Harry Mullis

Harry Mullis

Private Harry Mullis

54th Battalion, AIF

Service Number: 3680

 

Born: 16 February 1899, Penrith, NSW

Died: 31 August 1918, Barleux, France

Harry Mullis was born on 16 February 1899 to Richard Mullis and his second wife, Margaret Isabel (nee Rogers). Harry Mullis was baptised the following month in St Stephens Anglican Church at Penrith. His father, who had been born in Emu Plains, worked on the railway. By the early 1900s, the family were renting a cottage in Warwick Street Penrith.

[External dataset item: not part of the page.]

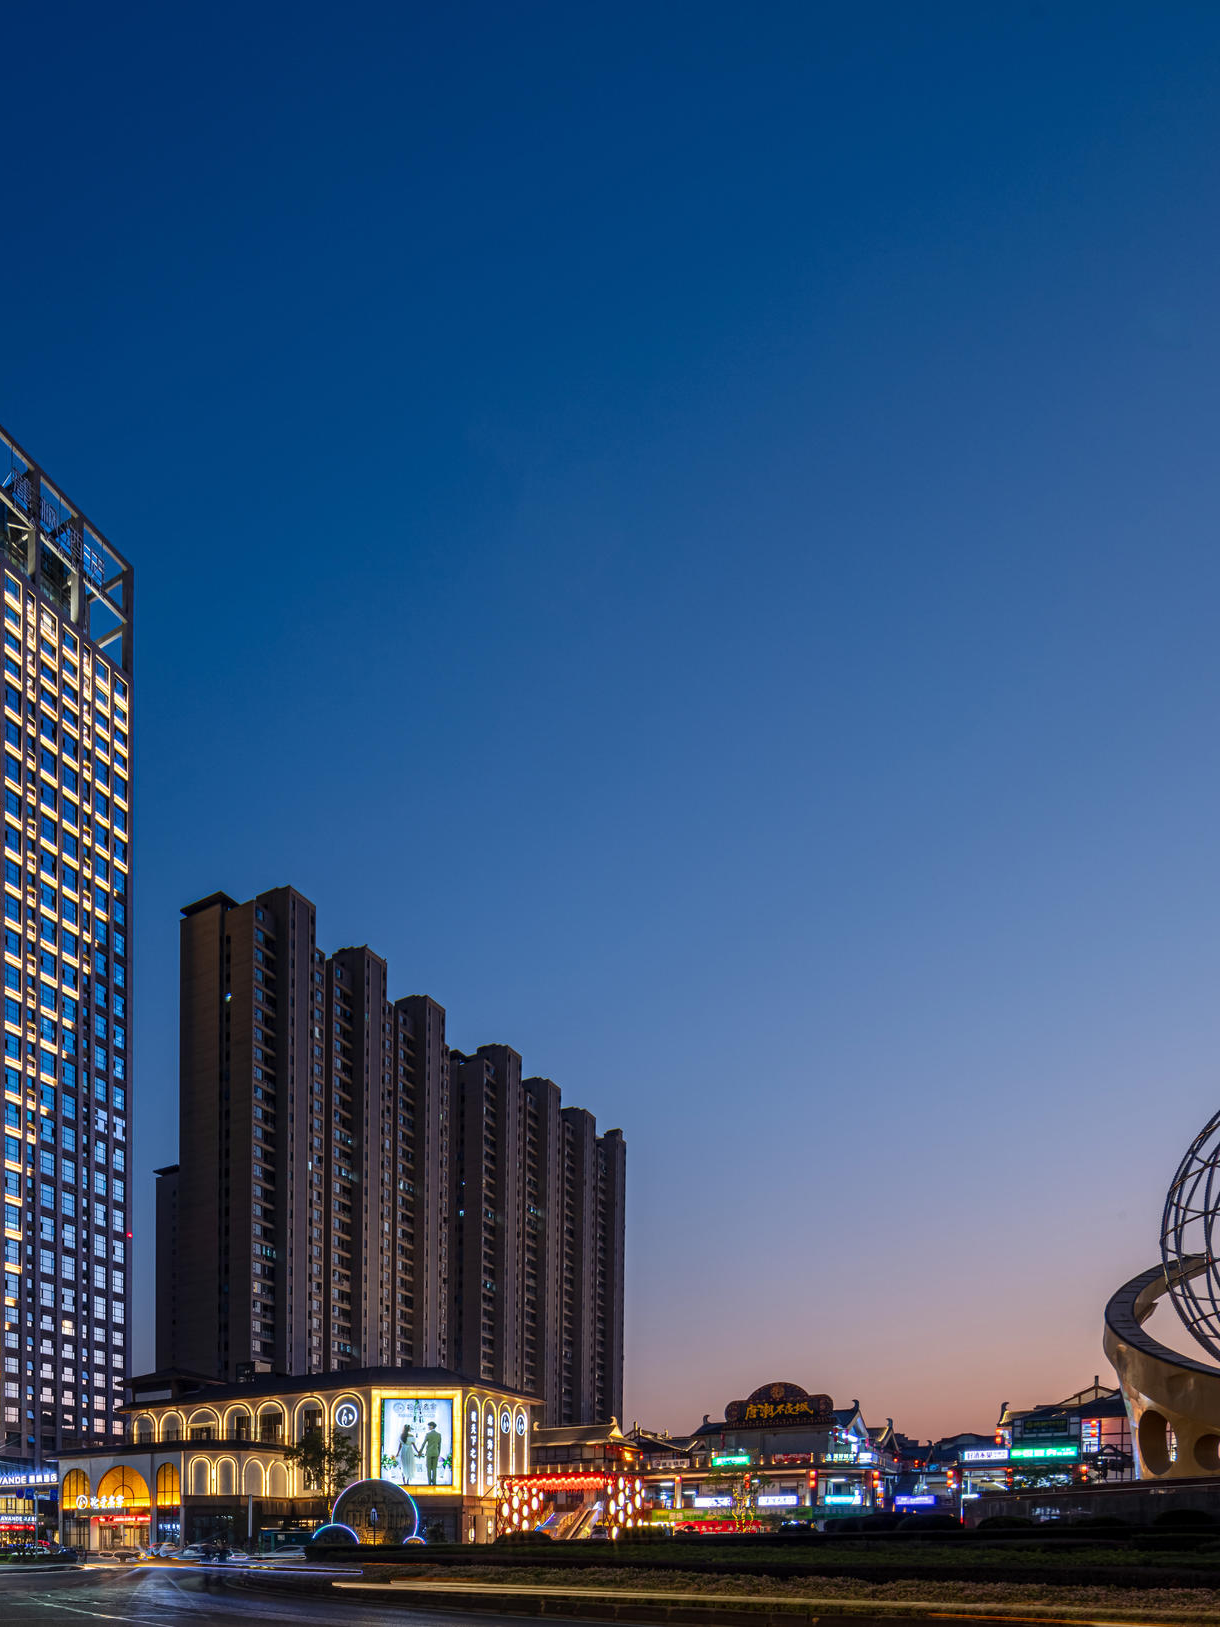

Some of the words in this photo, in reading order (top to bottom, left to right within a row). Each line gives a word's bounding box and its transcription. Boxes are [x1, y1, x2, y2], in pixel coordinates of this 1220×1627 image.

Young Mullis attended Penrith Superior Public School and received a bursary for Sydney High School. On 4 June 1915, he was appointed junior clerk in the Public Works Department. Mullis was also a keen footballer for the local Waratah Football Club. Before enlisting he had been in the cadets. By 1917, the family were living in Doonmore Street, Lemongrove.

Mullis enlisted on 10 August 1917 and allocated to the 10th Reinforcements, 54th Battalion. He left Sydney on the HMAT Euripides on 31 October and arrived in Devonport on 26 December 1917. He proceeded overseas to France in April 1918. In a letter home, published in the Nepean Times on 20 April 1918, Mullis was upbeat about his adventure so far. He also mentioned the numerous local men he had met, including Stan Colless, Laurie Stuckey, Cecil Fulton, Pat Haynes and Jack Shields.

By June, he was in hospital with trench fever. At the beginning of August, he was again sick and returned to his unit on 13 August. On 31 August, Mullis was killed at Barleux, about a mile from the River Somme. He was sitting reading a letter on top of a dugout with another soldier, O’Brien, when a shell landed close by and killed both. Concussion had killed Mullis. Both soldiers were buried in the field near where they fell. His unit then moved on with its attack on Peronne. His friend Fred Knight, who had arrived on the same ship, wrote that Mullis had resigned himself to the will of God.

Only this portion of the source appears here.